The problem:
Find the number of solutions to the equation: $x_1+x_2+...+x_n=k$ when $0\leq x_i\leq m$ and $m+1\leq k\leq 2m+1$.
The answer in the book is ${n+k-1\choose k}-{n\choose 1}{n+k-(m+1)-1\choose k-(m+1)}$.
I understand that the idea is taking all solutions, a number equals to ${n+k-1\choose k}$ and then subtracting "bad" solutions, and that ${n\choose 1}$ is there because we can't have more than a single $i$ so $x_i\geq m+1$, what I can't understand is the last part. I think it works only if the "bad" element equals exactly $m+1$, but what if it equals $m+2$? That way it doesn't seem correct anymore.
Thanks in advance.
A solution of the equation in the nonnegative integers $$x_1 + x_2 + \ldots + x_n = k \tag{1}$$ corresponds to the placement of $n - 1$ addition signs in a row of $k$ ones. For instance, if $n = 4$ and $k = 10$, $$1 1 + + 1 1 1 1 1 + 1 1 1$$ corresponds to the solution $x_1 = 2$, $x_2 = 0$, $x_3 = 5$, $x_4 = 3$. The number of such solutions is $$\binom{k + n - 1}{n - 1} = \binom{k + n - 1}{k}$$ since we must choose which $n - 1$ of the $k + n - 1$ positions required for $k$ ones and $n - 1$ addition signs will be filled with addition signs or, equivalently, which $k$ of the $k + n - 1$ positions will be filled with ones.
We wish to solve equation 1 in the nonnegative integers not larger than $m$ when $m + 1 \leq k \leq 2m + 1$. Thus, we must subtract those solutions in which a variable exceeds $m$. At most one variable may exceed $m$ since $2(m + 1) = 2m + 2 > 2m + 1$.

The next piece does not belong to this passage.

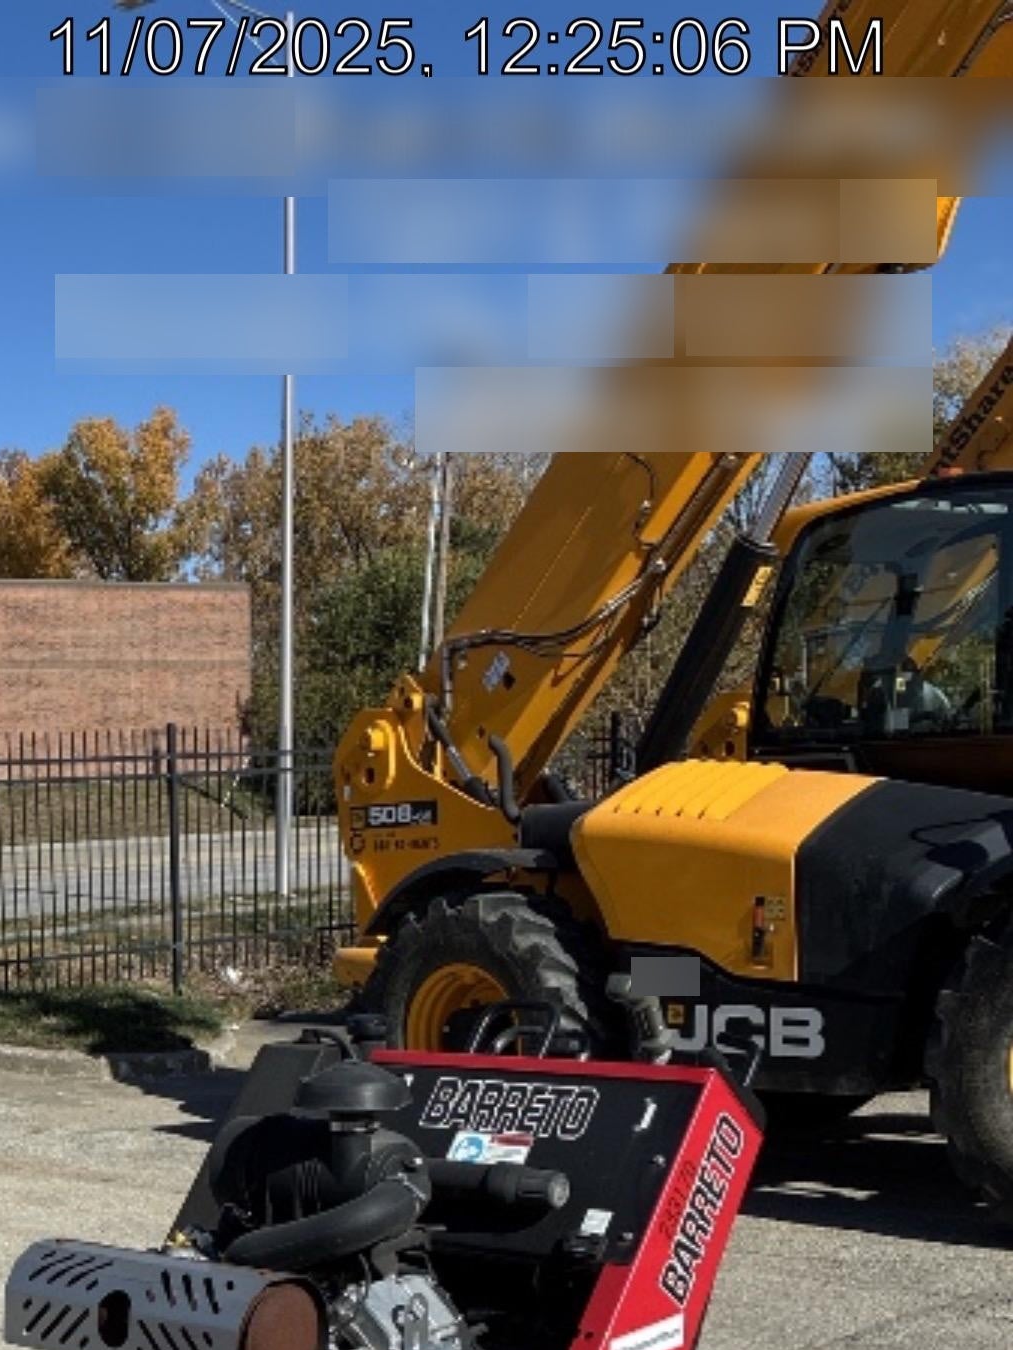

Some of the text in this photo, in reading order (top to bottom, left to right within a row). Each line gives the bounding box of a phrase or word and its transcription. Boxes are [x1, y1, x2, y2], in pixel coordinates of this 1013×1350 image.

[665, 1004, 825, 1057] JCB
[419, 1077, 600, 1141] BARRETO
[659, 1111, 744, 1308] BARRETO

We may choose a variable that exceeds $m$ in $n$ ways. Suppose that variable is $x_1$. Then $x_1' = x_1 - (m + 1)$ is a nonnegative integer. Substituting $x_1' + m + 1$ into equation 1 equation yields \begin{align*} x_1' + m + 1 + x_2 + \ldots + x_n & = k\\ x_1' + x_2 + \ldots + x_n & = k - (m + 1) \tag{2} \end{align*} Equation 2 is an equation in the nonnegative integers with $$\binom{k - (m + 1) + n - 1}{n - 1} = \binom{k - (m + 1) + n - 1}{k - (m + 1)}$$ solutions. Hence, there are $$\binom{n}{1}\binom{k - (m + 1) + n - 1}{n - 1} = \binom{n}{1}\binom{k - (m + 1) + n - 1}{k - (m + 1)}$$ solutions in which one of the variables exceeds $m$.
Thus, there are $$\binom{k + n - 1}{k} - \binom{n}{1}\binom{k - (m + 1) + n - 1}{k - (m + 1)}$$ admissible solutions.
Notice that in equation 2, $m + 1 \leq x_1 \leq 2m + 1 \implies 0 \leq x_1' \leq m$. It does not imply that $x_1 = m + 1$.
Let's compare this with what would happen if $x_1 = m + 1$. Then we would have \begin{align*} m + 1 + x_2 + \ldots + x_n & = k\\ x_2 + \ldots + x_n & = k - (m + 1) \end{align*} which is an equation in the nonnegative integers with $$\binom{k - (m + 1) + (n - 1) - 1}{(n - 1) - 1} = \binom{k - (m + 1) + (n - 1) - 1}{k - (m + 1)}$$ solutions, which is a smaller number as we would expect.